Sole proprietorship is one of the basic forms of business enterprises. A single person acts as the owner of the business organization. This person has the authority and clout to hire and retain employees (Buckley, 1994: Pg 96). He or she can also create organizational rules, regulations, values, and objectives. Legally, the owner is responsible for outstanding dues that are acquired by the organization.


Sole proprietorships do not require extensive investment. The business owner enjoys a high degree of independence in the management and organization of such enterprises. The owner can also shut down operations in a simple and straightforward manner. Furthermore, only a single person is the recipient of business revenue.

Taxation levels in many countries for sole proprietorships are minimum and negligible. The business owner has to pay taxes on the revenue generated (Buckley, 1994: Pg 97). Financial management of sole proprietorships is also simple and sound as compared with other business enterprises. Decision making is enhanced and elevated within sole proprietorships. The owner can implement business strategies and techniques without consultation from other members. Sole proprietorships usually consist of small scale business organizations. They are simply to establish with minimum levels of legal regulations and business rules. The owner has to incur profit and loss.


Sole proprietorships can be vulnerable to fluctuations in the business environment. The task of obtaining additional investment can become cumbersome on the owner. Further business debts have to be paid off by the business owner (Pesic & Aalst, 2006: Pg 171). This is because the owner enjoys complete domination over the decision making process of the organization. However, as small scale organizations thrive, a number of risks can impact their performance and output, such as the danger of over-heating or over-expansion, as well as increased competition and possible illness of the business owner, for example.


Two or more people can become shareholders in any business organization. This arrangement is referred to as business partnerships. The partners work towards the attainment of common aims and targets (Pesic & Aalst, 2006: Pg 172). Profit maximization is the key target that needs to be achieved by the partners. Each individual partner is legally responsible for outstanding dues acquired by the organization.




Business partnerships carry a set of advantages which are not present in other types of business enterprises. Partnerships can be created if a business accord is reached between two or more people. Financial institutions are likely to give loans and grants to the partnership. It operates on the principle of profit sharing as the revenues are divided amongst the owners (Morris, 2005: Pg 727). Business partnerships can end without legal complications and hassles. At the basic level, partnerships do not need to pay huge amounts of money for registration. Income tax returns can also be filed in a consistent and reliable manner. Additional investments can also be increased in this type of business enterprise. Business development and expansion occurs in an efficient and effective manner.


Business liabilities need to be incurred by every business partner. This is one of the greatest limitations of business partnerships.

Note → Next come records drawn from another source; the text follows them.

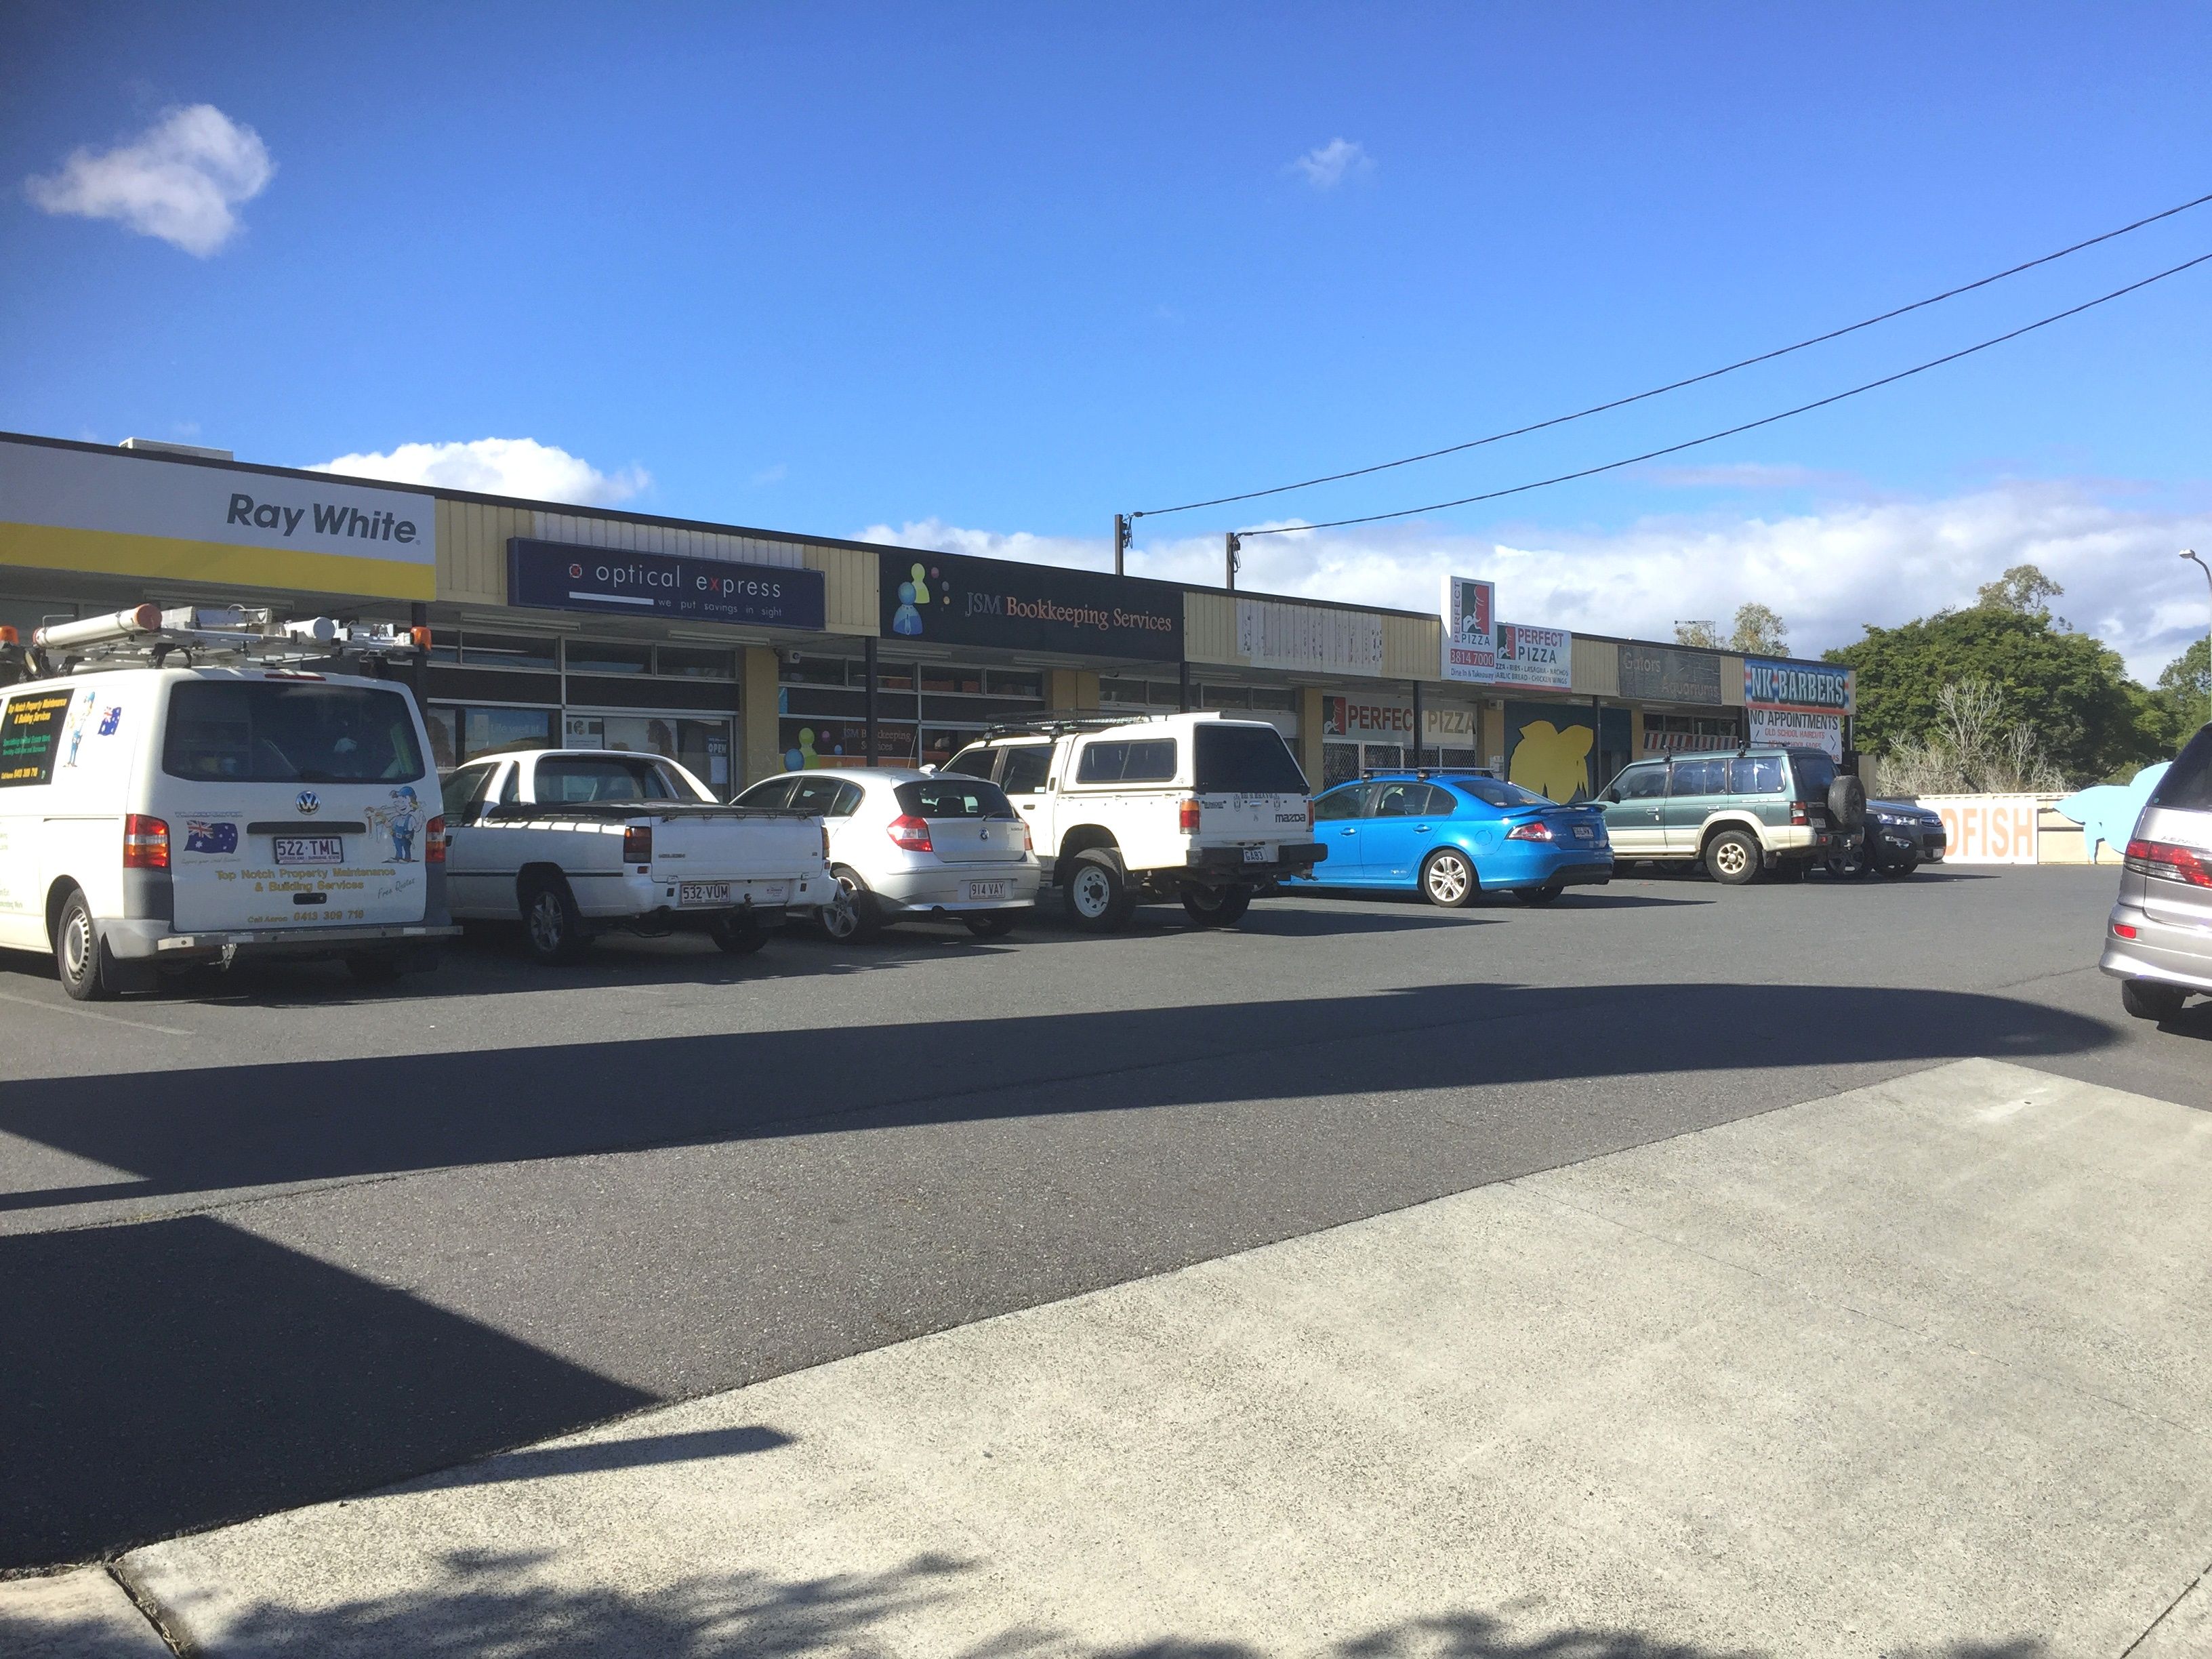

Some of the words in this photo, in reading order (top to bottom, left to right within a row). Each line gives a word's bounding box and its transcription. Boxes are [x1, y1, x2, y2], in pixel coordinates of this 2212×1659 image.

[226, 493, 305, 537] Ray
[312, 503, 417, 544] White
[596, 564, 680, 588] optical
[696, 576, 781, 598] express
[658, 599, 672, 607] we
[680, 600, 696, 610] put
[704, 602, 738, 615] savings
[745, 606, 754, 614] in
[761, 607, 782, 619] sight
[964, 591, 1002, 617] JSM
[1006, 596, 1109, 631] Bookkeeping
[1113, 607, 1172, 632] Services
[1461, 633, 1491, 647] PIZZA
[1517, 628, 1564, 648] PERFECT
[1450, 650, 1473, 664] 3814
[1473, 653, 1494, 666] 7000
[1518, 646, 1557, 664] PIZZA
[1495, 662, 1506, 670] ZZA
[1495, 672, 1511, 680] ARLIC
[1750, 667, 1774, 700] NK
[1777, 669, 1846, 705] BARBERS
[1347, 705, 1414, 732] PERFEC
[1427, 711, 1477, 735] PIZZA
[1749, 710, 1764, 726] NO
[1767, 711, 1839, 731] APPOINTMENTS
[1777, 729, 1799, 738] SCHOOL
[1799, 730, 1826, 739] HAIRCUTS
[708, 743, 727, 754] OPEN
[1275, 813, 1307, 823] mazda
[215, 870, 236, 882] Top
[241, 869, 276, 879] Notch
[279, 868, 328, 880] Property
[332, 867, 396, 877] Maintenance
[254, 882, 264, 893] &
[268, 882, 313, 893] Building
[316, 880, 365, 890] Services
[377, 887, 393, 899] Free
[293, 911, 318, 921] 0413

Business risks also significantly increase with the success of business partnerships. The threat of conflict can emerge as partners might have divergent targets and objectives. There might be disparities in partner obligations in the running and supervision of the enterprise. Personal disputes can occur within the context of business partnerships. A single partner can face legal complications or debts based upon the decisions of other partners.






Corporations are business enterprises characterized by the presence of multiple shareholders. They are limited liability enterprises that enjoy unique legal status under national and local laws (Caves, 1998: Pg 8). A board of directors presides over the organization and management of the business enterprise. Corporations can be either state firms or private firms.

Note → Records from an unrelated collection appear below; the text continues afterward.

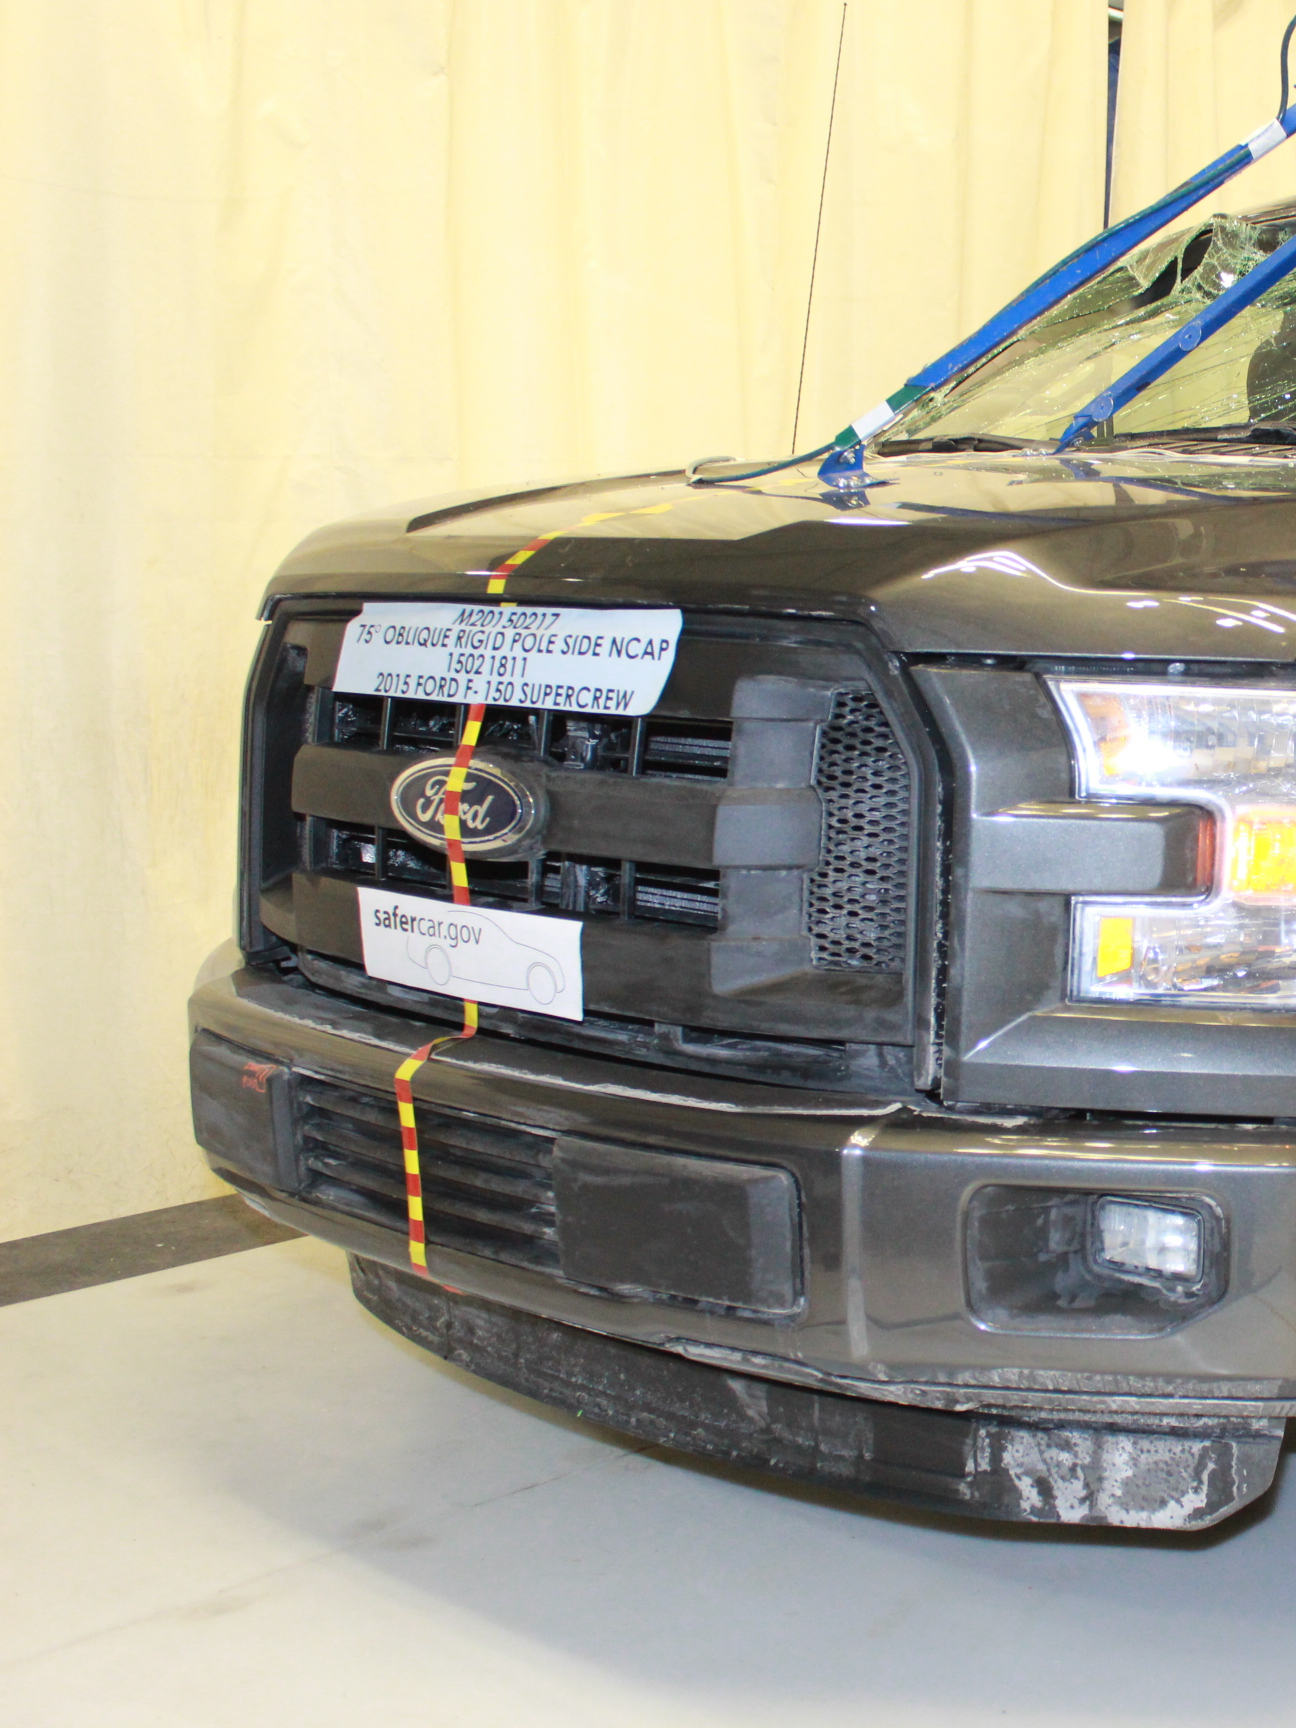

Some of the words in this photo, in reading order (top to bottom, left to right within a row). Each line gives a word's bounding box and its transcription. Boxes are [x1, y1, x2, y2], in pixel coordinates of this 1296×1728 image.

[452, 608, 561, 631] M20150217
[356, 624, 382, 645] 75°
[384, 626, 451, 649] OBLIQUE
[454, 629, 505, 652] RIGID
[510, 632, 557, 655] POLE
[561, 634, 603, 657] SIDE
[608, 637, 670, 661] NCAP
[447, 652, 528, 678] 15021811
[374, 672, 411, 694] 2015
[414, 676, 460, 699] FORD
[464, 679, 515, 704] F-150
[518, 683, 635, 712] SUPERCREW
[416, 775, 494, 830] Frd
[374, 905, 482, 948] safercar.gov

The greatest advantage of corporations is that business partners do not incur massive debts or liabilities. Limited liability is one of the key purposes and functions of business organizations. The corporation is recognized as an independent and autonomous legal entity; its owners are classed as its employees. The process of taxation is also simplified in the business corporation. Corporation taxes are separate from shareholder taxes. Corporations are also able to attract and raise huge amounts of capital for investment and expansion (Caves, 1998: Pg 10). Stocks, bonuses, and incentives can be offered by corporations to retain talented and skilled professionals. The operational structure of corporations is organized and systematic. A board of directors is present in order to achieve the strategic objectives of the organization. Policies and regulations can be implemented in a systematic and methodical manner. Corporations also enable business owners to make superior and excellent decisions. They also seek to respond to the challenges of business expansion in an efficient and effective manner.




Setting up a corporation may require large amounts of money. The transaction and registration fees can make it difficult for many businessmen to create corporations. Legal regulations can be time consuming and cumbersome for business corporations too. Extensive documentation is required in order to meet government regulations (Caves, 1998: Pg 10). The corporation has to pay huge amounts of money in order to ensure compliance with local and national regulatory provisions. Corporate officers and directors need to reveal their information to local authorities and the process of closure can be complicated and intricate. Double taxation can also impact the performance of business corporations: the business and the owner’s income are taxed.


Cooperatives are a type of business enterprise that includes members in its business and marketing strategies. A cooperative can be created with the purpose of profit maximization. John Lewis is a good example.


Cooperative business organizations are based upon the ideals of egalitarianism and democracy. Members seek to accomplish business objectives in a reliable and consistent manner. These organizations promote the aims and objectives of the members. It also leads to higher levels of efficiency and effectiveness (Armario, 2008: Pg 489). It is also able to withstand fluctuations in the business environment in a robust and flexible manner. Business cooperatives also are receptive to the needs and requirements of consumers.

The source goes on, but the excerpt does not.